C# Decompilers? [closed]

It’s mostly true. A very clever programmer named Lutz Roeder wrote an excellent decompiler named Reflector (now owned by redgate). It’s quite good at translating IL back to either C# or VB.NET code. It isn’t complete magic, it cannot

  • translate constants back to their constant identifier
  • recover the names of local variables
  • decompile anonymous methods except in their intermediate form
  • decompile iterators, as above
  • decompile lambdas, as above
  • decompile the code that uses the promised C# 5 async and await keywords, as above
  • recover the comments in your code.

And has a few bugs that makes it resort to goto statements or fall over. It is otherwise very useful as a debugging aid, helping you discover and diagnose bugs in code you didn’t write. There are no documented cases of anyone using it to start a successful business from pirated source code obtained through decompilation. It works too well for that.

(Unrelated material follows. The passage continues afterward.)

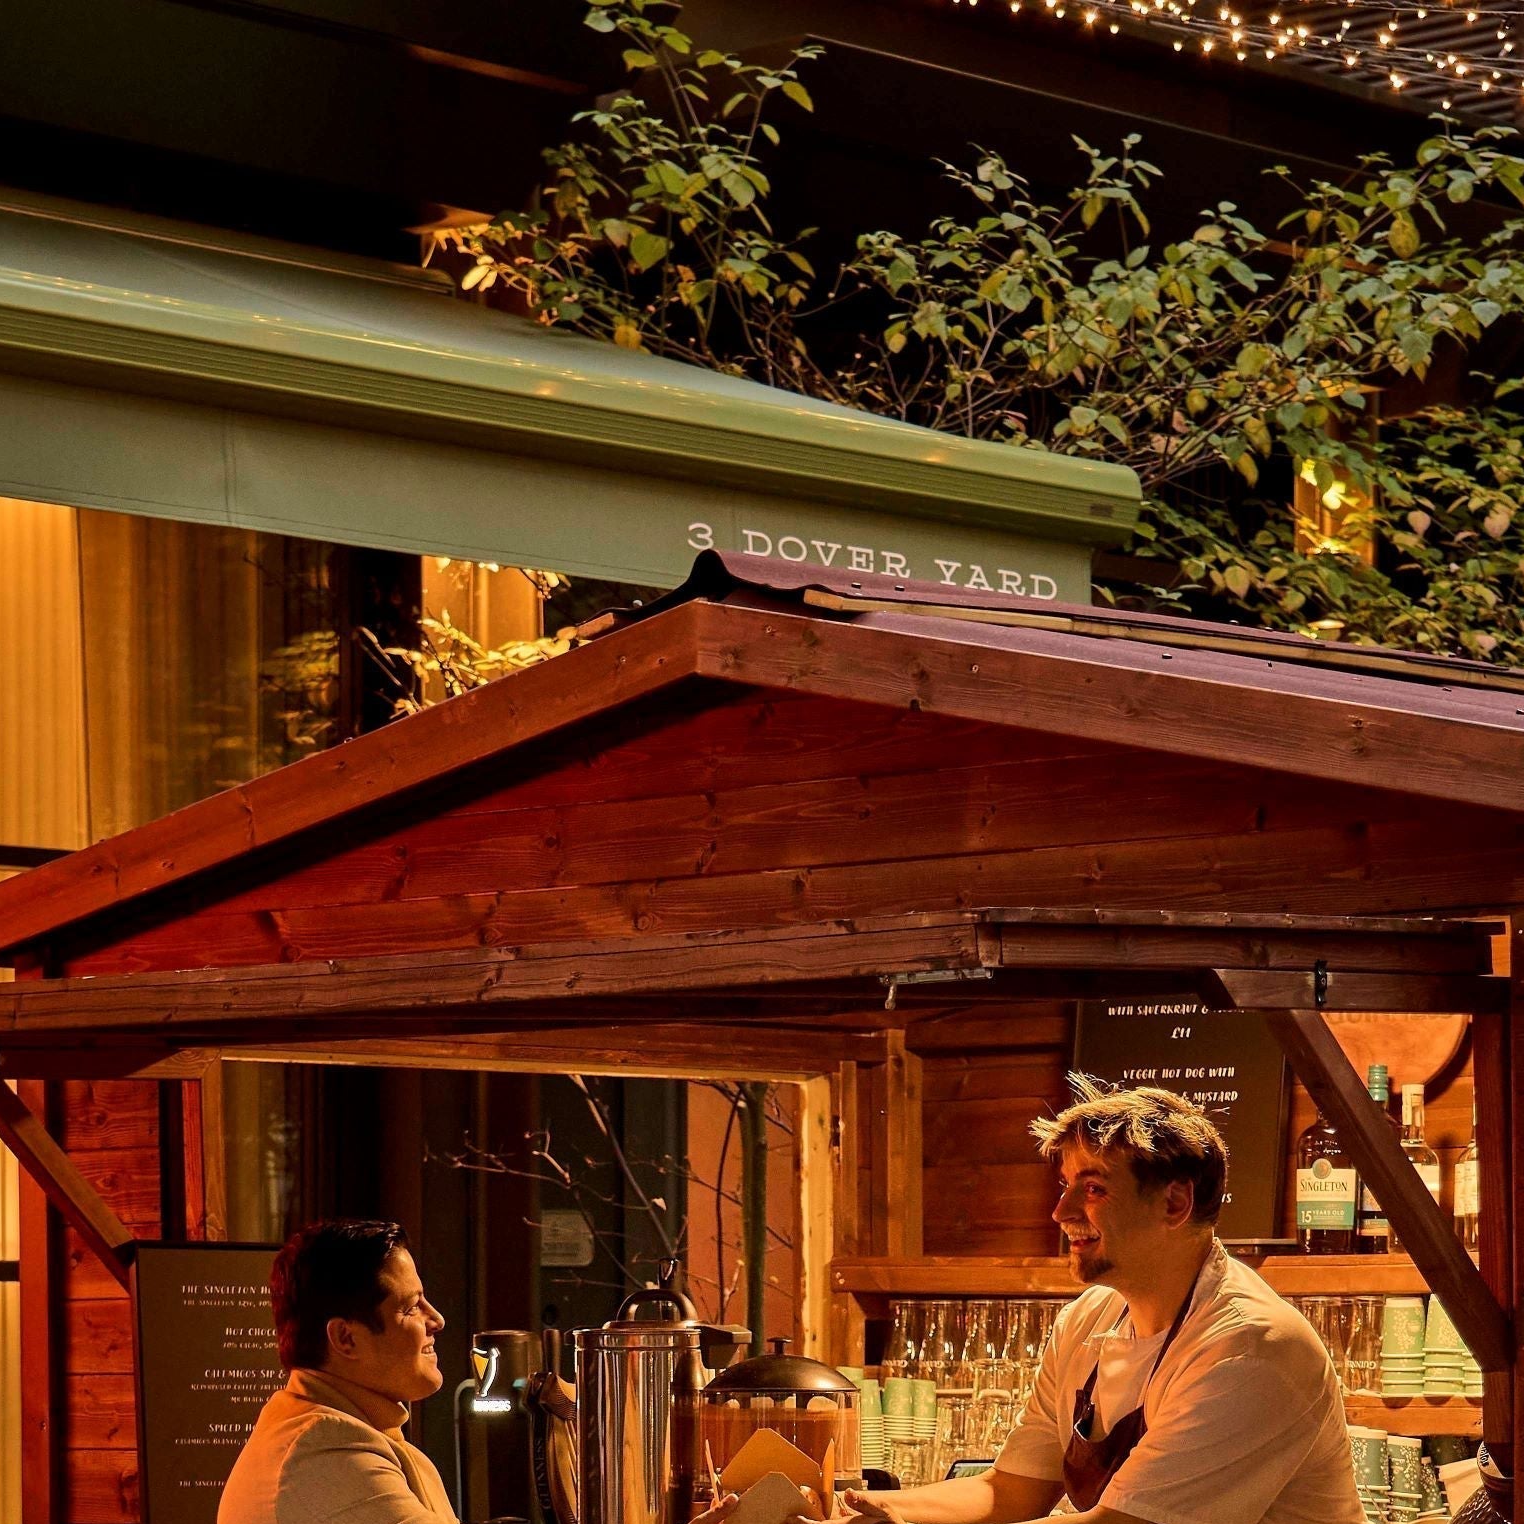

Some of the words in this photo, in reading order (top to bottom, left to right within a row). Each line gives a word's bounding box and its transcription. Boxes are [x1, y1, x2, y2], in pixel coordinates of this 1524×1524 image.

It has otherwise started a lively market segment for ‘obfuscators’, tools that rewrite the contents of an assembly to make it hard to decompile it. Typical strategies are to rewrite identifiers so they become very hard to interpret and/or to tinker with the structure of the assembly so a decompiler will crash but the CLR will not. Redgate, the current owner of Reflector, also sells an obfuscator. There is one included with Visual Studio paid licenses, called ‘Dotfuscator Community Edition’. No idea how good it is, this never gets put to the test.

Just using lots of lambdas and iterators in your code is already an excellent way to obfuscate your code. Reverse-engineering it to the original code is very difficult. That Lutz gave up on Reflector at the exact same time he did is not a coincidence, that’s when C# became too hard to decompile reliably.